Les six premiers volumes de La Méthode figurent en bonne place dans ma bibliothèque. En fait, l’œuvre d’Edgar Morin remplit près de trois rayons entiers, soit plus d’une centaine de livres ! Il y a quelques semaines un nouvel opus est venu s’ajouter au précédent : le « septième volume » de La Méthode, publié par Actes sud, intitulé La Méthode de La Méthode. Ce livre, présenté comme un « manuscrit perdu », a été rédigé en 1983 et devait constituer le troisième et dernier volume de l’entreprise. Puis ce manuscrit a été mis de côté, « oublié » (comment peut-on oublier un livre de 400 pages ?) avant d’être retrouvé et traduit (en Italie) à un moment où Morin s’était déjà lancé dans une suite, enrichie d’idées nouvelles 1. Cette histoire m’a remis en tête un autre « manuscrit perdu » : un volume inachevé de La Méthode, consacré au « devenir du devenir », qu’Edgar m’avait confié au début des années 2010. À l’époque, nous discutions beaucoup de la révolution en cours dans les sciences du vivant : les idées d’épigenèse, de coévolution, de symbiose. Autant de thèmes qui permettaient de repenser la dynamique évolutive (des bactéries aux humains) sous un nouvel angle 2. Un jour, alors que nous discutions de tout cela autour d’une tasse de thé (ou d’un verre de vin, je ne sais plus), Edgar m’a dit : « Attends, j’ai quelque chose à te montrer. » Il a sorti d’un placard un gros dossier bleu avec en titre « Le devenir du devenir ». « Tiens, on pourrait le finir ensemble ! » Très excité à l’idée de corédiger un volume de La Méthode avec mon ex-maître à penser, je me suis mis aussitôt au travail. Mais j’ai vite mesuré l’ampleur de la tâche. Le manuscrit n’était encore qu’une ébauche, trop partielle pour être menée à bien, nécessitant un énorme travail de mise à jour et de réorganisation. J’ai donc remis le travail à plus tard. Puis le temps a passé ; d’autres projets ont vu le jour. Le Devenir du devenir a progressivement été oublié. Si le temps et l’énergie m’ont manqué pour mettre en œuvre ce projet commun, il y avait sans doute quelque chose qui m’a conduit plus ou moins consciemment à renoncer. Le manuscrit d’Edgar était certes une ébauche trop embryonnaire et donc immature pour envisager une simple publication remaniée, mais une autre raison cachée m’a fait hésiter : une incapacité (ou une résistance) à adhérer pleinement à la démarche et à ses idées.
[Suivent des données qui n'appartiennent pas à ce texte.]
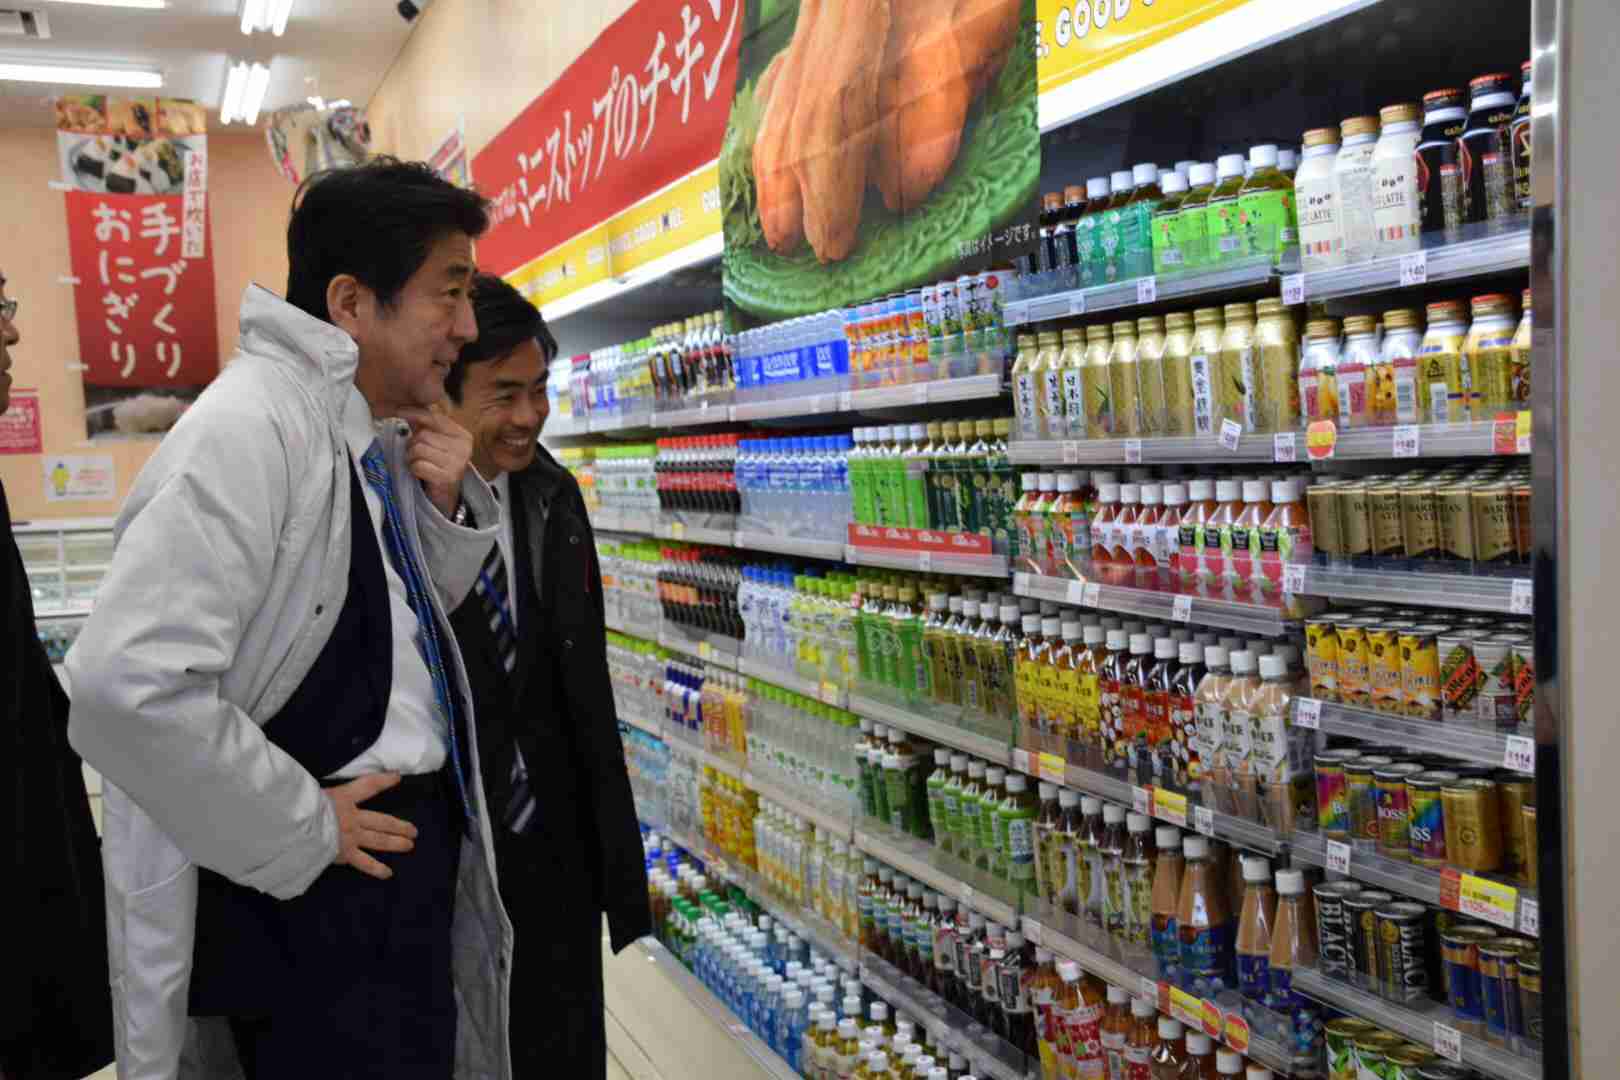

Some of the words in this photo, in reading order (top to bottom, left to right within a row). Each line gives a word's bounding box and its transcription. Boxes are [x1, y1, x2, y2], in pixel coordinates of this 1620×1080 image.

[91, 202, 137, 380] おにぎり
[140, 201, 187, 379] 手づくり
La théorie de la complexité
Le projet de La Méthode a pris corps, Edgar l’a raconté maintes fois, au début des années 1960 à New York, lors d’un séjour à l’hôpital. Il venait de contracter une grave maladie qui l’a immobilisé plusieurs semaines. Durant ce repos forcé, il s’est mis à réfléchir à quelques questions fondamentales longtemps refoulées – sur la vie, l’évolution, l’histoire, la nature humaine et ses capacités de se connaître. Au cours de sa convalescence, il rédige un journal, Le Vif du sujet, où sont déjà en germe les idées de La Méthode. Cette aventure intellectuelle, Edgar la nommera plus tard « complexité ». Une intuition fondamentale gouverne toute l’entreprise : l’étude de l’être humain a été artificiellement détachée de sa nature animale et son enracinement biologique et physique, ne permettant de fait pas de comprendre sa nature véritable. Les sciences humaines se sont dissociées en des domaines disciplinaires clos sur eux-mêmes (sociologie, psychologie, anthropologie, histoire), donnant de l’humain une vision morcelée (le social, le psychique, la culture, le langage). Ce découpage disciplinaire a certes été une source du progrès des connaissances, mais rend aussi aveugle. D’où la nécessité de repenser l’humain en reliant ce qui a été artificiellement disjoint. La Méthode se présente donc comme une tentative pour forger une armature intellectuelle nouvelle destinée à affronter la complexité de l’humain : un être qui ne peut être réduit à une de ses composantes, ni dissous dans une approche englobante.